Image of Thomas The Tank Engine is from the
New York Times, I think, but I can’t find the exact page.
I love ActiveRecord. I don’t really much like working with relational databases (like Tolkein wizards, databases tend to be good at getting you out of the kind of trouble that databases get you into…).
Sometimes, though, you get a requirement that seems explicitly designed to drive both ActiveRecord and your database of choice stark raving mad. Here’s an example based on an actual client requirement (details changed to protect the innocent):
Let’s say you are running an application for swim coaches to store the times of their swimmers in meets. A coach needs to be able to log in and see all of a swimmer’s times in a given event — say, the 100 meter freestyle.
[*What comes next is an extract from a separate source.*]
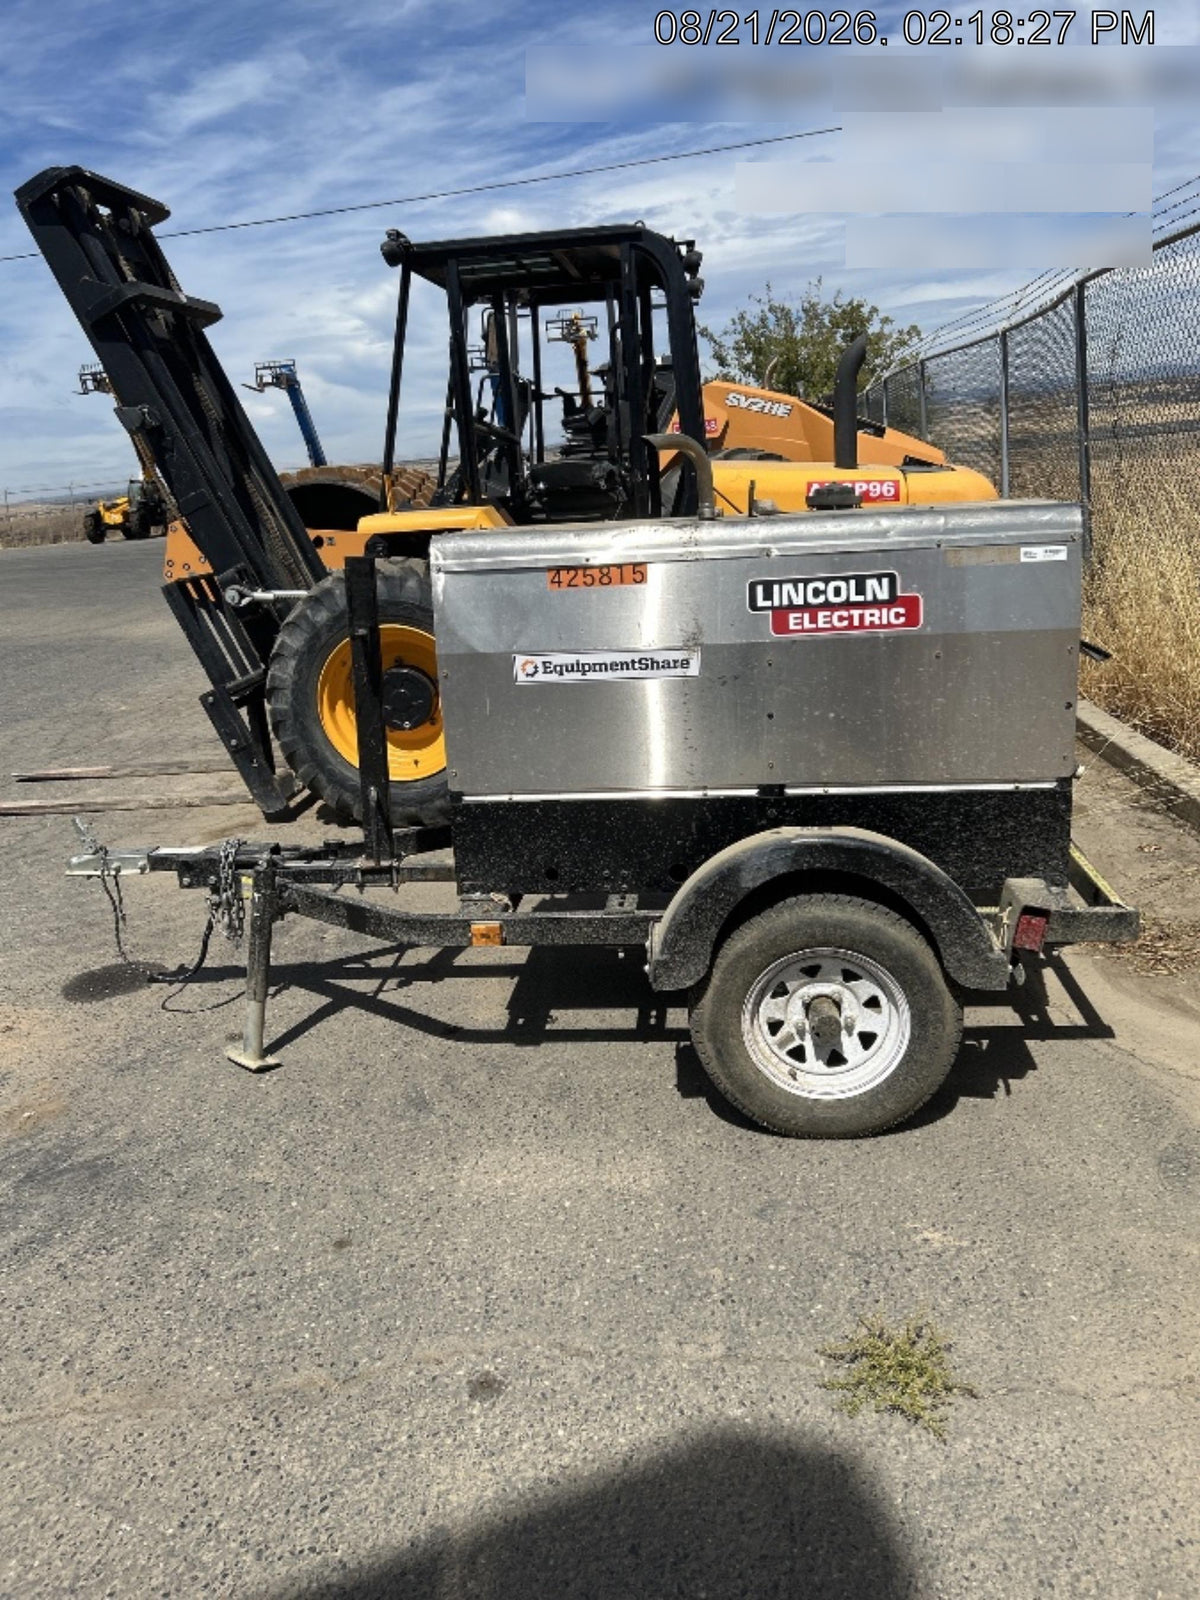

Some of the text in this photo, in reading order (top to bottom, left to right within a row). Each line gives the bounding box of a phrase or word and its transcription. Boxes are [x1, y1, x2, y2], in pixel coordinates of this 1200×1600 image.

Easy enough so far. Now let’s say that when a coach runs a report, she wants to see not just a swimmer’s individual times in an event, but also the swimmer’s relay times in any event. However, the coach only needs to see the most recent relay time for a given swimmer. Let’s also assume that older relay times should not be shown even in historical reports — so if the coach is running a report for November 2008, a relay time in December 2008 should still block a November time from being displayed. Got it?
What to do? Unless I’m mistaking some arcane ActiveRecord feature, can we establish that this can’t be done in a single AR call. A relay time shows up in the report if a) the swimmer shows up in the individual part of the report and b) this is the most recent relay time for that swimmer — in other words, it’s dynamic in two ways.
Here are three ways that you can try and bang through a complex problem like this one. These aren’t mutually exclusive, mix and match to solve your own complicated problem.
Drop down to the database’s level
If ActiveRecord’s hooks into the database aren’t powerful enough for what you want to do, there’s always find_by_sql if you want to write raw SQL. In theory, you could drop all the way down to stored procedures, though Rails is really not going to make that easy for you.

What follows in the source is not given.